Tuesday, December 25, 2007

Lamb Pilaf


I have been thinking about cooking rice pilaf after saw the recipe in Jill Norman's
Herbs & Spices: The Cook's Reference. After search in wikipedia about the meaning of "pilaf" and the link of Pakistani Lamb Pulao with picture illustration, I decided this is going to be our Xmas day lunch since we got the lamb and every ingredients. As always, the procedure is simplified to our families' taste and resource.

800 gr lamb
2 cups basmati rice
6 cups thinly slices onions
4 garlic cloves
1 piece ginger root
6 green cardamom pods
20 black peppercorns
1 bay leave
1 stick cinnamon
salt
2 tablespoons whole coriander seeds
2 tablespoons whole cumin seeds
ground turmeric
5 cloves
a pinch of cayenne pepper powder
2 cups water

Wash the rice a couple times and soak in water for 1-2 hours. Dry the meat with a paper towel and cut the meat in cubes. Season them with salt and pepper. Wrap in plastic foil and let the meat rest. Thinly slice onion and crush garlic. Grind peppercorns, cumin, coriander.

Heat oil (ghee) and add the large fragrant spices: cardamom, cinammon, cloves and the bay leave. Fry over high heat until the turn brownish.

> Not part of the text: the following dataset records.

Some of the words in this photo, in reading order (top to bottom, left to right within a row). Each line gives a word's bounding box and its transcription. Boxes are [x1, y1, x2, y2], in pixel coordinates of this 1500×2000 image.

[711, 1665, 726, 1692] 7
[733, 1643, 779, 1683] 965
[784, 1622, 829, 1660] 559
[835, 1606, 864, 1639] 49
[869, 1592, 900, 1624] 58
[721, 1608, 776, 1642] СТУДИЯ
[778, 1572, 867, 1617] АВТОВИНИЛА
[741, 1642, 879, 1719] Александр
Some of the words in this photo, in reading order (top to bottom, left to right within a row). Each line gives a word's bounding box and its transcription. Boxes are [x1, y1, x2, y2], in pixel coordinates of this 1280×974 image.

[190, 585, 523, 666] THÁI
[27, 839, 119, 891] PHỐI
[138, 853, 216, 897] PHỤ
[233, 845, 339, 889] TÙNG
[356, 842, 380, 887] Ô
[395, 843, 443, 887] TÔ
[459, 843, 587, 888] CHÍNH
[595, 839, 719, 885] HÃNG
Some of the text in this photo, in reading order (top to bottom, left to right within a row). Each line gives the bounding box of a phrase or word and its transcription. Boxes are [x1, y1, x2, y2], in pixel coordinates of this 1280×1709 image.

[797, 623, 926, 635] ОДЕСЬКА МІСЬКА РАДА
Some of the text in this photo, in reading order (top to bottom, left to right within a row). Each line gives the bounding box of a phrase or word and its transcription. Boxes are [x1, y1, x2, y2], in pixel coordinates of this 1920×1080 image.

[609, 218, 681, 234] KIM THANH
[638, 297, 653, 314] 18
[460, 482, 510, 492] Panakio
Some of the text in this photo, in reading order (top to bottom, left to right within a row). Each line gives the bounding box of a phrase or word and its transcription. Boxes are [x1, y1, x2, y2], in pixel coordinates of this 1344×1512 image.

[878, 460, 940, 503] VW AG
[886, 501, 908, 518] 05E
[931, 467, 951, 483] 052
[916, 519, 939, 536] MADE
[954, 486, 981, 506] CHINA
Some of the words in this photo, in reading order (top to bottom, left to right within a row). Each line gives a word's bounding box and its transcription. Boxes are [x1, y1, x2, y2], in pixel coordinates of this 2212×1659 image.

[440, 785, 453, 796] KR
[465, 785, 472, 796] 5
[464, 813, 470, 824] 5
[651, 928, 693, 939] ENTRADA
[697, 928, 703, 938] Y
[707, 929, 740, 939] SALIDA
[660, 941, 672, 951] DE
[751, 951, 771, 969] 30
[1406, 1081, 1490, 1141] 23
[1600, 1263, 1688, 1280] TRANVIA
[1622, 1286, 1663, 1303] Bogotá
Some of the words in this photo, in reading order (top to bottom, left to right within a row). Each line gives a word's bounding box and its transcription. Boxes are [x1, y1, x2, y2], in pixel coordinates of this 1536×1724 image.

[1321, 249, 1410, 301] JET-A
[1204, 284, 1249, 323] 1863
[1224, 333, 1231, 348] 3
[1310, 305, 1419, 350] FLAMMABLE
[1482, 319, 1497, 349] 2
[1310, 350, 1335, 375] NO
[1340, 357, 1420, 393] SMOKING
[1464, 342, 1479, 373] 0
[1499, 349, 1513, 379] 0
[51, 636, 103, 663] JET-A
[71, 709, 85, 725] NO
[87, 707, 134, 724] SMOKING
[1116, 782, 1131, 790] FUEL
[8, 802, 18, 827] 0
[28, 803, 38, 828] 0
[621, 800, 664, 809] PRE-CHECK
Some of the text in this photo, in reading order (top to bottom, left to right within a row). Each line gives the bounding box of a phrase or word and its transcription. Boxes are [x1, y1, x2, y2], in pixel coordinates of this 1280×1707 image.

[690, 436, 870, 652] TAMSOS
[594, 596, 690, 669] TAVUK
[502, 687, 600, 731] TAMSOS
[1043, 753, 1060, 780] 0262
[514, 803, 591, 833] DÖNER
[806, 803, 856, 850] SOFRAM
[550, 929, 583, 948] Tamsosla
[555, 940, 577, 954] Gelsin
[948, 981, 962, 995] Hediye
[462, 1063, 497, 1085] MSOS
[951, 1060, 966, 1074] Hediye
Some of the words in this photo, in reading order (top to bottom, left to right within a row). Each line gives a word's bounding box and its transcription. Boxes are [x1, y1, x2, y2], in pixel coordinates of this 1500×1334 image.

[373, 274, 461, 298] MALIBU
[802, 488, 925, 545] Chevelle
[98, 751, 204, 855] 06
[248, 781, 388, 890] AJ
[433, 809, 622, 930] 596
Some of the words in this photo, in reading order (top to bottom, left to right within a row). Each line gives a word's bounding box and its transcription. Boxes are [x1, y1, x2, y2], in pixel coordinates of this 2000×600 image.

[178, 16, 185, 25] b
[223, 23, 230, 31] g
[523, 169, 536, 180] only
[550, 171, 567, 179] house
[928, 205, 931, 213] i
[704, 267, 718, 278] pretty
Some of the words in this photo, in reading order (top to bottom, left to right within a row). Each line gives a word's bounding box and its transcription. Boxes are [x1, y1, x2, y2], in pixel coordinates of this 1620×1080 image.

Add crushed garlic and then the onions and cook over medium heat until onions are soft, about 10 minutes. Add ground spices, mix, and cook for a further 2 minutes. Add the lamb and cook until colored on every side, mixing all the time. Add salt and turmeric and the rice, stir for a minute or two, add 2 cups of boiling water. Mix and cover, leave in very low heat for 40-45 minutes. The link calls for dutch oven which I don't have, so I use the method we used to cook rice before the age of rice-cooker. It turned out perfect.


Tomato Rasam (Moong Dall)



Idea of this soup came from reading Suvir Saran and Stephanie Lyness'
Indian Home Cooking.

Spice Mixture:
1/2 teaspoon cumin seeds
1/4 teaspoon coriander seeds
1/4 black peppercorns
3 cloves


Broth:
1/2 teaspoon turmeric powder
2-3 cups of water
3/4 cup Moong Dall (yellow split pea)
1 topmato
5 okra (optional)
salt to taste

Tempering Oil:
2 teaspoons canola oil
1/4 teaspoon black mustard seeds
4 fresh or frozen curry leaves (optional)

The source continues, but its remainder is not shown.